An exact transcription of the data below is needed.

## RECORDED INFORMATION

==================================================

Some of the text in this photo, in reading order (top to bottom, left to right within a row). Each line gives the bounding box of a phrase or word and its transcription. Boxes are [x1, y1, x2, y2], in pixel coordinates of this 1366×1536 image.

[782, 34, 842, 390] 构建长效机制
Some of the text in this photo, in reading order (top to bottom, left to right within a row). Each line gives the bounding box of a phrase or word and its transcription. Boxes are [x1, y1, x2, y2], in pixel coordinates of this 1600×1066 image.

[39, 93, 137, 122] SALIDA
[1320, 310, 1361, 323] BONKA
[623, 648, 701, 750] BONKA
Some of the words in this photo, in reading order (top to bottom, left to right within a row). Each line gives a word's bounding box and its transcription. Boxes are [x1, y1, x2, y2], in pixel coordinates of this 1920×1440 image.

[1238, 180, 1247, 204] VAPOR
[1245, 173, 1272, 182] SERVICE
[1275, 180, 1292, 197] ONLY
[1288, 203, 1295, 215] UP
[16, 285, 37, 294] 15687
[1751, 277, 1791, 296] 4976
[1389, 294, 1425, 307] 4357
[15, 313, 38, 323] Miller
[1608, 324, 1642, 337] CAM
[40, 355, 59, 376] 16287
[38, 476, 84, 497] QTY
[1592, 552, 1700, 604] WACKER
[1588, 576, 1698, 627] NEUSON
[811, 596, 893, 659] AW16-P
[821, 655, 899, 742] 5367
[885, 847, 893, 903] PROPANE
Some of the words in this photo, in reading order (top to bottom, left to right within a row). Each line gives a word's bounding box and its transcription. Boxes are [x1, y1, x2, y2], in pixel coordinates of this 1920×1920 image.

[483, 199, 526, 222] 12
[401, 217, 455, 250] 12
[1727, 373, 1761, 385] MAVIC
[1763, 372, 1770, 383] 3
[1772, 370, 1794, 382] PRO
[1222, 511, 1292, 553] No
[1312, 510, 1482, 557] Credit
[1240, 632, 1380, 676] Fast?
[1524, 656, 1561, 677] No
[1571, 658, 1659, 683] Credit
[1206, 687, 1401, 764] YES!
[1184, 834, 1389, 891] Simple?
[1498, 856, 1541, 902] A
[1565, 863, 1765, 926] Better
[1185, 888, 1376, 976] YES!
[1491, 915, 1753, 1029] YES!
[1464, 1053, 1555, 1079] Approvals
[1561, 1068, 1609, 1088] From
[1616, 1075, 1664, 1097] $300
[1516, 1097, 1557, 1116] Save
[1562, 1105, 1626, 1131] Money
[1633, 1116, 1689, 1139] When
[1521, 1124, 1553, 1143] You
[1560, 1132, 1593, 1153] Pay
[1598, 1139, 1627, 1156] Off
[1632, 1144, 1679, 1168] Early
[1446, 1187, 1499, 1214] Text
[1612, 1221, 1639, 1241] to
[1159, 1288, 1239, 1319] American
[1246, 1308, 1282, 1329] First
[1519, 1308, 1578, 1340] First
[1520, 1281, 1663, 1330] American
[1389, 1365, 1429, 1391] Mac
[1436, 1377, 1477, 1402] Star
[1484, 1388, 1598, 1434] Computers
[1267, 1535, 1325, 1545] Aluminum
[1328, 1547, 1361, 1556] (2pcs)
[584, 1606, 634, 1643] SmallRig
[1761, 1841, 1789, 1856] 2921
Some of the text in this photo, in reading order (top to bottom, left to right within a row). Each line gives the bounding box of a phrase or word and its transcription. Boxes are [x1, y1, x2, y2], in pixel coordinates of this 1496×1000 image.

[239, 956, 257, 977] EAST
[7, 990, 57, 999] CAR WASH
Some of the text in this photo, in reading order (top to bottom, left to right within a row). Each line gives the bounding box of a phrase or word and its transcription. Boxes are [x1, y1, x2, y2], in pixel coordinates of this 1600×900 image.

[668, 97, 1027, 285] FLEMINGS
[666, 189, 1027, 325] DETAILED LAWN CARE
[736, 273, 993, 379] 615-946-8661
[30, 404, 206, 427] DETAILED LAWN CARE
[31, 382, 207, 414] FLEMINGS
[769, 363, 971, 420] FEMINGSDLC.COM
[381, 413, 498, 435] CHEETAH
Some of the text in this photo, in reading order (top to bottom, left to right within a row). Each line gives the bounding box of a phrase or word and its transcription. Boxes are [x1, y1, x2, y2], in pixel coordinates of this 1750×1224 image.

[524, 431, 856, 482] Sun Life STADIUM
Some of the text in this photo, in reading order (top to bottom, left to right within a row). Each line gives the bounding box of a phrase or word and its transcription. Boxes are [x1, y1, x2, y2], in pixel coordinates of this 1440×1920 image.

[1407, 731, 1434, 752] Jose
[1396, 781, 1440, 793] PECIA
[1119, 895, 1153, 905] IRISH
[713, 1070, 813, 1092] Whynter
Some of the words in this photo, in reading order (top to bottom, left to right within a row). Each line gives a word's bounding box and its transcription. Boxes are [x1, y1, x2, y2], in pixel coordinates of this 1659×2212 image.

==================================================

## RESULT
Some of the text in this photo, in reading order (top to bottom, left to right within a row). Each line gives the bounding box of a phrase or word and its transcription. Boxes are [x1, y1, x2, y2], in pixel coordinates of this 1366×1536 image.

[782, 34, 842, 390] 构建长效机制
Some of the text in this photo, in reading order (top to bottom, left to right within a row). Each line gives the bounding box of a phrase or word and its transcription. Boxes are [x1, y1, x2, y2], in pixel coordinates of this 1600×1066 image.

[39, 93, 137, 122] SALIDA
[1320, 310, 1361, 323] BONKA
[623, 648, 701, 750] BONKA
Some of the words in this photo, in reading order (top to bottom, left to right within a row). Each line gives a word's bounding box and its transcription. Boxes are [x1, y1, x2, y2], in pixel coordinates of this 1920×1440 image.

[1238, 180, 1247, 204] VAPOR
[1245, 173, 1272, 182] SERVICE
[1275, 180, 1292, 197] ONLY
[1288, 203, 1295, 215] UP
[16, 285, 37, 294] 15687
[1751, 277, 1791, 296] 4976
[1389, 294, 1425, 307] 4357
[15, 313, 38, 323] Miller
[1608, 324, 1642, 337] CAM
[40, 355, 59, 376] 16287
[38, 476, 84, 497] QTY
[1592, 552, 1700, 604] WACKER
[1588, 576, 1698, 627] NEUSON
[811, 596, 893, 659] AW16-P
[821, 655, 899, 742] 5367
[885, 847, 893, 903] PROPANE
Some of the words in this photo, in reading order (top to bottom, left to right within a row). Each line gives a word's bounding box and its transcription. Boxes are [x1, y1, x2, y2], in pixel coordinates of this 1920×1920 image.

[483, 199, 526, 222] 12
[401, 217, 455, 250] 12
[1727, 373, 1761, 385] MAVIC
[1763, 372, 1770, 383] 3
[1772, 370, 1794, 382] PRO
[1222, 511, 1292, 553] No
[1312, 510, 1482, 557] Credit
[1240, 632, 1380, 676] Fast?
[1524, 656, 1561, 677] No
[1571, 658, 1659, 683] Credit
[1206, 687, 1401, 764] YES!
[1184, 834, 1389, 891] Simple?
[1498, 856, 1541, 902] A
[1565, 863, 1765, 926] Better
[1185, 888, 1376, 976] YES!
[1491, 915, 1753, 1029] YES!
[1464, 1053, 1555, 1079] Approvals
[1561, 1068, 1609, 1088] From
[1616, 1075, 1664, 1097] $300
[1516, 1097, 1557, 1116] Save
[1562, 1105, 1626, 1131] Money
[1633, 1116, 1689, 1139] When
[1521, 1124, 1553, 1143] You
[1560, 1132, 1593, 1153] Pay
[1598, 1139, 1627, 1156] Off
[1632, 1144, 1679, 1168] Early
[1446, 1187, 1499, 1214] Text
[1612, 1221, 1639, 1241] to
[1159, 1288, 1239, 1319] American
[1246, 1308, 1282, 1329] First
[1519, 1308, 1578, 1340] First
[1520, 1281, 1663, 1330] American
[1389, 1365, 1429, 1391] Mac
[1436, 1377, 1477, 1402] Star
[1484, 1388, 1598, 1434] Computers
[1267, 1535, 1325, 1545] Aluminum
[1328, 1547, 1361, 1556] (2pcs)
[584, 1606, 634, 1643] SmallRig
[1761, 1841, 1789, 1856] 2921
Some of the text in this photo, in reading order (top to bottom, left to right within a row). Each line gives the bounding box of a phrase or word and its transcription. Boxes are [x1, y1, x2, y2], in pixel coordinates of this 1496×1000 image.

[239, 956, 257, 977] EAST
[7, 990, 57, 999] CAR WASH
Some of the text in this photo, in reading order (top to bottom, left to right within a row). Each line gives the bounding box of a phrase or word and its transcription. Boxes are [x1, y1, x2, y2], in pixel coordinates of this 1600×900 image.

[668, 97, 1027, 285] FLEMINGS
[666, 189, 1027, 325] DETAILED LAWN CARE
[736, 273, 993, 379] 615-946-8661
[30, 404, 206, 427] DETAILED LAWN CARE
[31, 382, 207, 414] FLEMINGS
[769, 363, 971, 420] FEMINGSDLC.COM
[381, 413, 498, 435] CHEETAH
Some of the text in this photo, in reading order (top to bottom, left to right within a row). Each line gives the bounding box of a phrase or word and its transcription. Boxes are [x1, y1, x2, y2], in pixel coordinates of this 1750×1224 image.

[524, 431, 856, 482] Sun Life STADIUM
Some of the text in this photo, in reading order (top to bottom, left to right within a row). Each line gives the bounding box of a phrase or word and its transcription. Boxes are [x1, y1, x2, y2], in pixel coordinates of this 1440×1920 image.

[1407, 731, 1434, 752] Jose
[1396, 781, 1440, 793] PECIA
[1119, 895, 1153, 905] IRISH
[713, 1070, 813, 1092] Whynter
Some of the words in this photo, in reading order (top to bottom, left to right within a row). Each line gives a word's bounding box and its transcription. Boxes are [x1, y1, x2, y2], in pixel coordinates of this 1659×2212 image.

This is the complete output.